ST. LOUIS—Sigma-Aldrich Corp.'s Sigma Life Science unit, its biological products and services business, has entered into a non-exclusive license agreement with Horizon Discovery for use of Sigma's CompoZr Zinc Finger Nuclease (ZFN) technology. The agreement gives Horizon the commercial freedom to apply the technology alongside its proprietary rAAV technology in its gene-editing service and cell line product businesses. Under the terms of the deal, Horizon will obtain CompoZr ZFNs manufactured by Sigma Life Science for use in commercial development of cell-based products and to provide commercial gene editing services. Financial terms were not disclosed.
Horizon will immediately begin applying the CompoZr (pronounced "composer") ZFN technology as part of its custom cell-line generation service along with its own rAAV technology, to efficiently and cost-effectively generate a number of novel gene-edited cell lines. The offering will be marketed under Horizon's precision gene-editing brand, GENESIS.
"Licensing CompoZr ZFN technology to Horizon is another step in making the most robust and flexible gene-editing technology widely available to the entire research community," says Dr. Paul Brooks, global market segment manager at Sigma-Aldrich. "We are pleased that Horizon will be using its expertise to apply both rAAV and CompoZr ZFN gene-editing technologies side by side for the benefit of the research community."
Brooks notes that ZFN provides the big benefit of targeting all the copies of a single gene—all four alleles, for example, will be mutated, while with rAAV the process produces one allele at a time. To sum up, Brooks states that Horizon will use ZFN "to do things they can't do with rAAV."

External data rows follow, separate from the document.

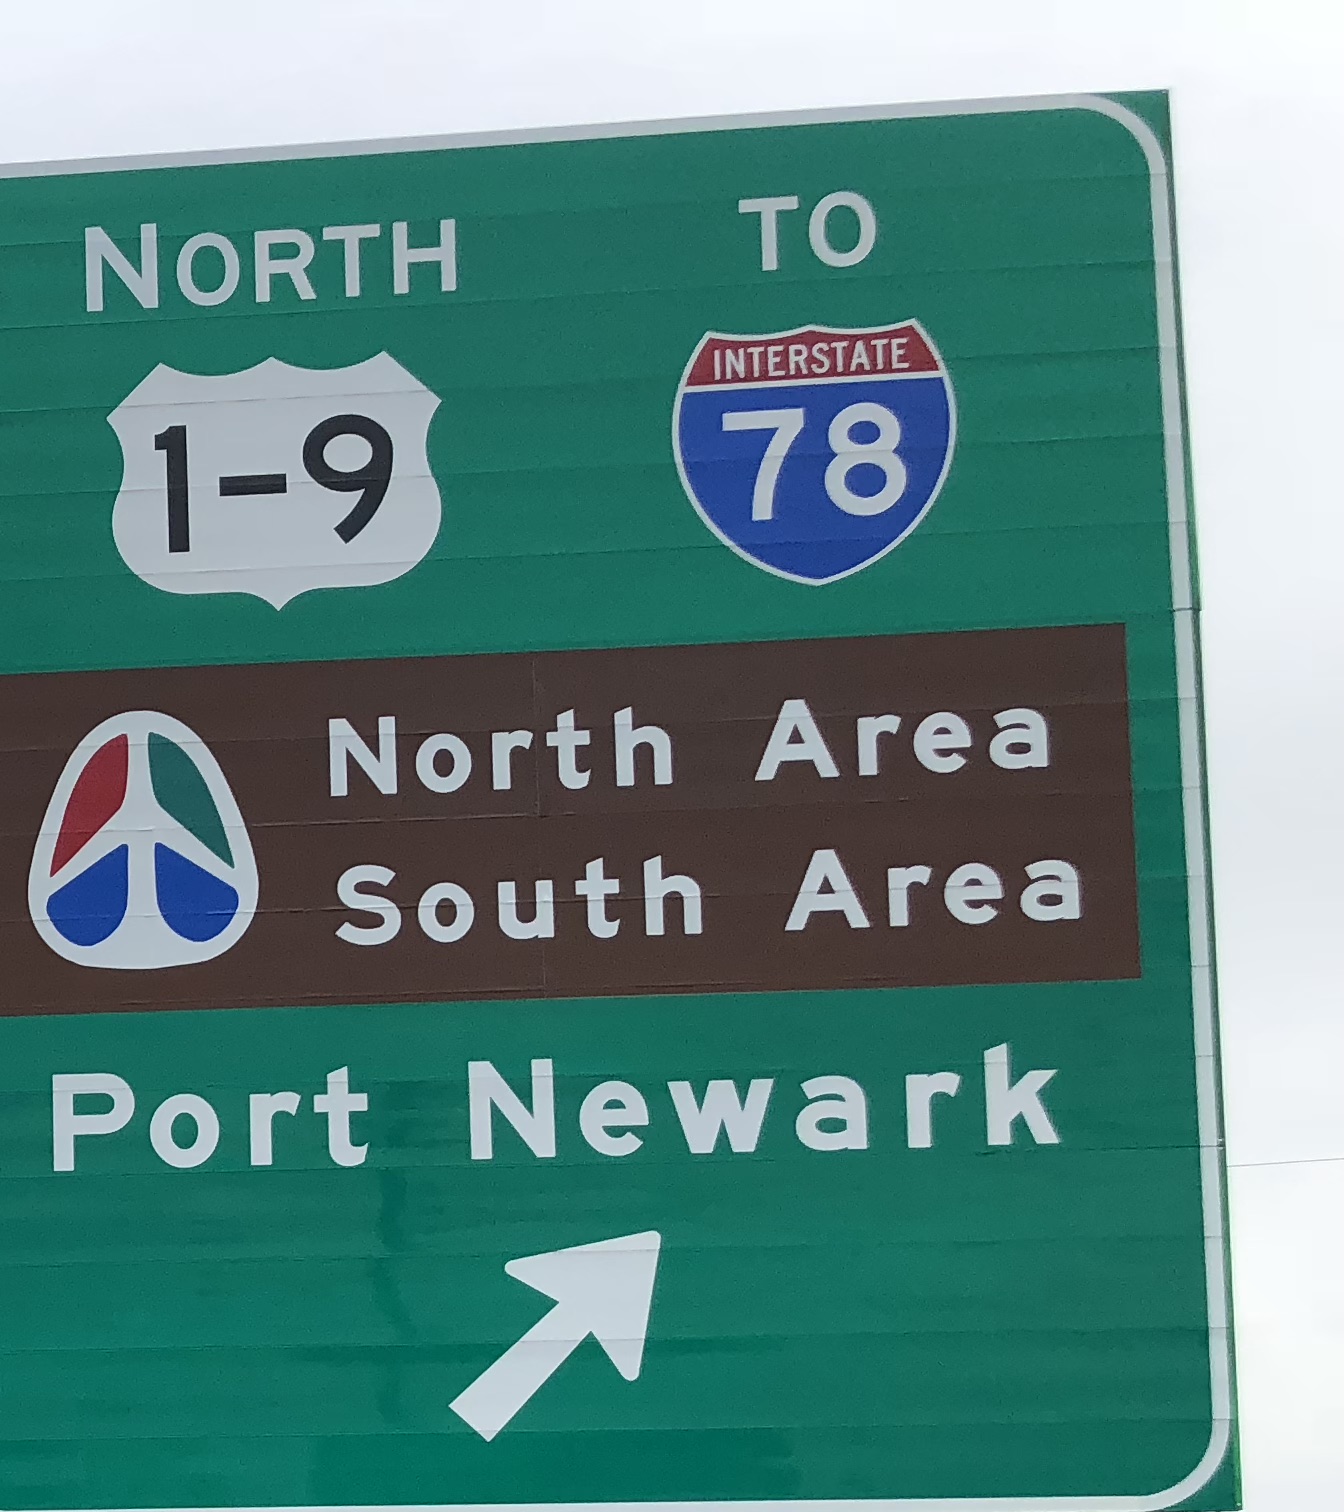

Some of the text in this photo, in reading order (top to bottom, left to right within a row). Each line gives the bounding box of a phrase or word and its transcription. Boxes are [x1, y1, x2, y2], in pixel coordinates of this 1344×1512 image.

[84, 218, 457, 312] NORTH
[737, 190, 877, 271] TO
[713, 337, 910, 380] INTERSTATE
[154, 413, 394, 553] 1-9
[721, 402, 907, 522] 78
[328, 698, 1051, 798] North Area
[334, 848, 1084, 947] South Area
[51, 1041, 1060, 1172] Port Newark
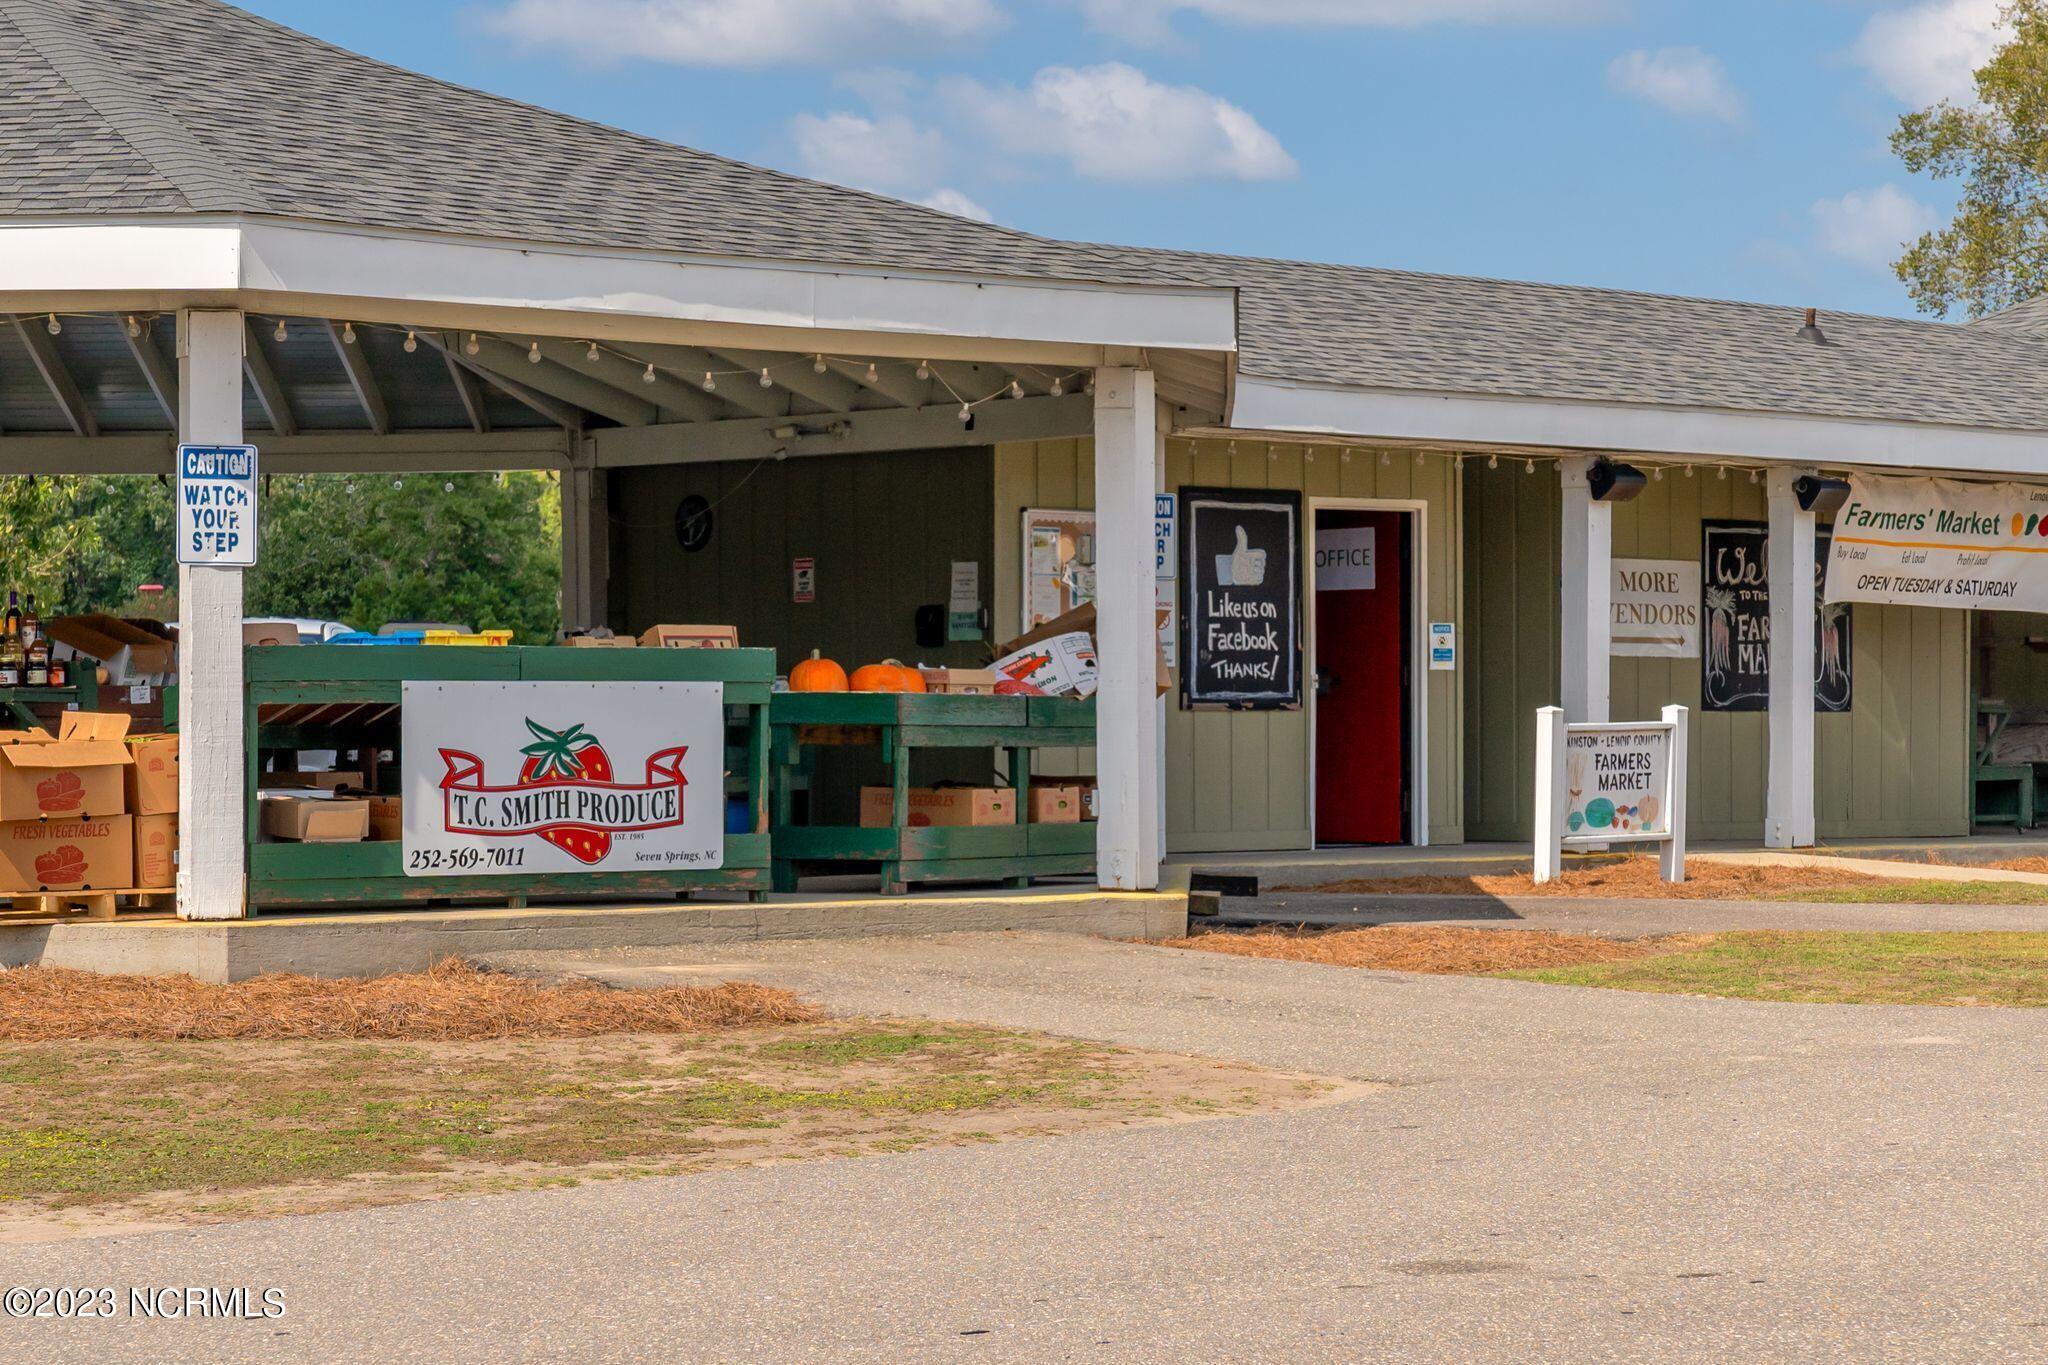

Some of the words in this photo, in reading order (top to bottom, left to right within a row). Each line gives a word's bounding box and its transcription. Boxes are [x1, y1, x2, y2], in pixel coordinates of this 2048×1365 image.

[187, 453, 249, 475] CAUTION
[184, 485, 248, 507] WATCH
[192, 508, 240, 530] YOUR
[1844, 502, 1934, 531] Farmers'
[1936, 509, 2000, 536] Market
[192, 531, 239, 553] STEP
[1837, 545, 1849, 560] Buy
[1849, 547, 1868, 561] Local
[1315, 548, 1371, 569] OFFICE
[1912, 551, 1928, 564] Local
[1956, 553, 1974, 566] Profit
[1619, 570, 1680, 594] MORE
[1857, 574, 1891, 592] OPEN
[1891, 576, 1944, 595] TUESDAY
[1944, 578, 1953, 595] &
[1955, 579, 2017, 598] SATURDAY
[1208, 590, 1242, 618] Like
[1242, 601, 1259, 619] us
[1260, 601, 1277, 619] on
[1739, 590, 1751, 601] TO
[1753, 590, 1769, 601] THE
[1207, 621, 1279, 652] Facebook
[1210, 654, 1280, 681] THANKS!
[1594, 752, 1651, 771] FARMERS
[1598, 771, 1652, 791] MARKET
[453, 793, 494, 827] T.C.
[501, 788, 571, 828] SMITH
[576, 789, 676, 824] PRODUCE
[13, 823, 46, 840] FRESH
[49, 822, 110, 839] VEGETABLES
[410, 846, 525, 870] 252-569-7011
[634, 851, 661, 862] Seven
[664, 850, 701, 864] Springs,
[704, 850, 717, 861] NC

"Nuclease-based approaches are particularly adept at achieving rapid and efficient knock-out of two or more alleles, making them a perfect complement to Horizon's proprietary rAAV-based precision gene-editing platform," agrees Eric Rhodes, chief technology officer at Horizon, who has 15 years of experience in ZFN and rAAV gene-editing technology. "Our scientists have the expertise and now an unrivalled toolset to help guide customers toward the approach that best answers their biological question and/or suits their timescale and budget."

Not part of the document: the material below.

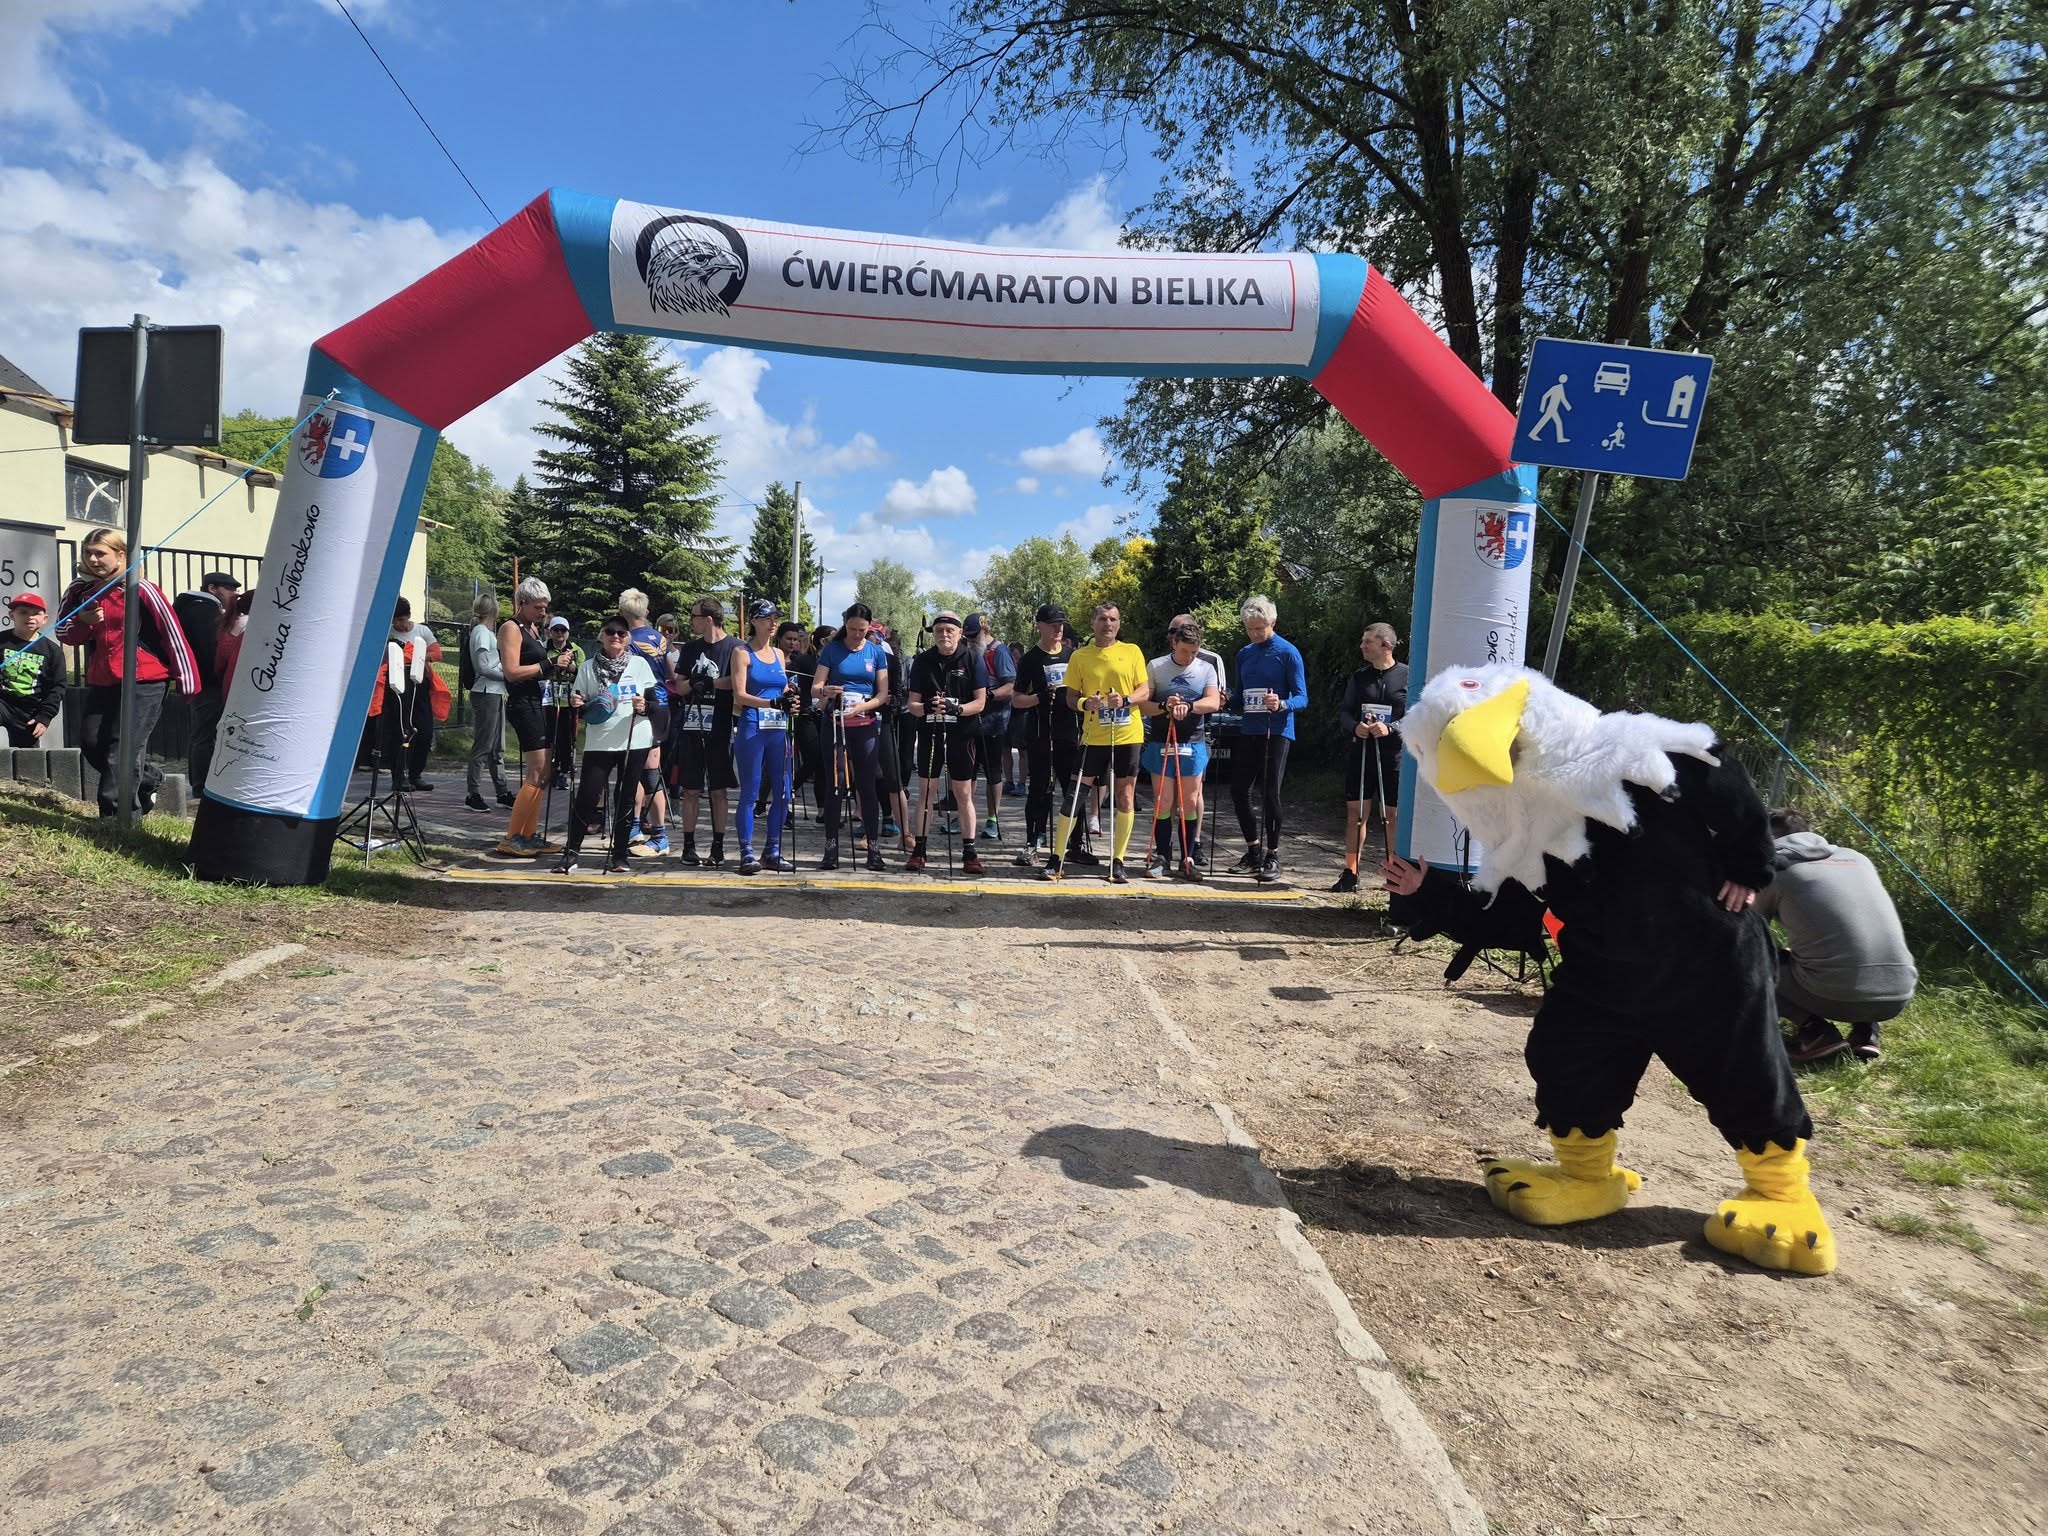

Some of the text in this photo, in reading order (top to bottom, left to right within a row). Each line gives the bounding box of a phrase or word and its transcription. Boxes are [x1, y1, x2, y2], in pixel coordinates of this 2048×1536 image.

[782, 249, 1265, 306] ĆWIERĆMARATON BIELIKA
[251, 623, 291, 692] Gmina
[273, 504, 320, 611] Kołbaskowo

In a second move aimed at expanding its gene-editing base, Horizon announced it has entered into a non-exclusive license agreement with Harvard University to access intellectual property related to the commercialization of CRISPR gene-editing technology for research use. By adding CRISPR and ZFN to its GENESIS precision gene-editing platform, Horizon claims it can now offer researchers an unrivalled toolbox capable of performing rapid functional genomics experiments, as well as creation of high-precision human disease models for deployment at all stages of drug discovery and diagnostic development. Horizon will employ all three genome-editing technologies for custom client-led projects, as well as to expand on its own menu of more than 500 genetically defined off-the-shelf cell lines and related products. In addition, the company will soon launch a range of rAAV, CRISPR and hybrid rAAV/CRISPR gene-editing kits and associated reagents, supported by Horizon's technical team with expertise in all gene-editing platforms and their application in translational research.
CRISPR is an RNA-guided gene editing system that can introduce either a targeted double strand break or single strand nick in the genome of mammalian cells.
"The introduction of a nick rather than a full double strand break offers advantages over other nuclease technologies when the goal of the project is to introduce a specific mutation rather than simply disrupting the gene," Rhodes says. "By combining both CRISPR and ZFNs with our proprietary rAAV technology, Horizon is working to develop novel approaches that achieve levels of gene-editing efficiency not previously seen when using a single approach alone."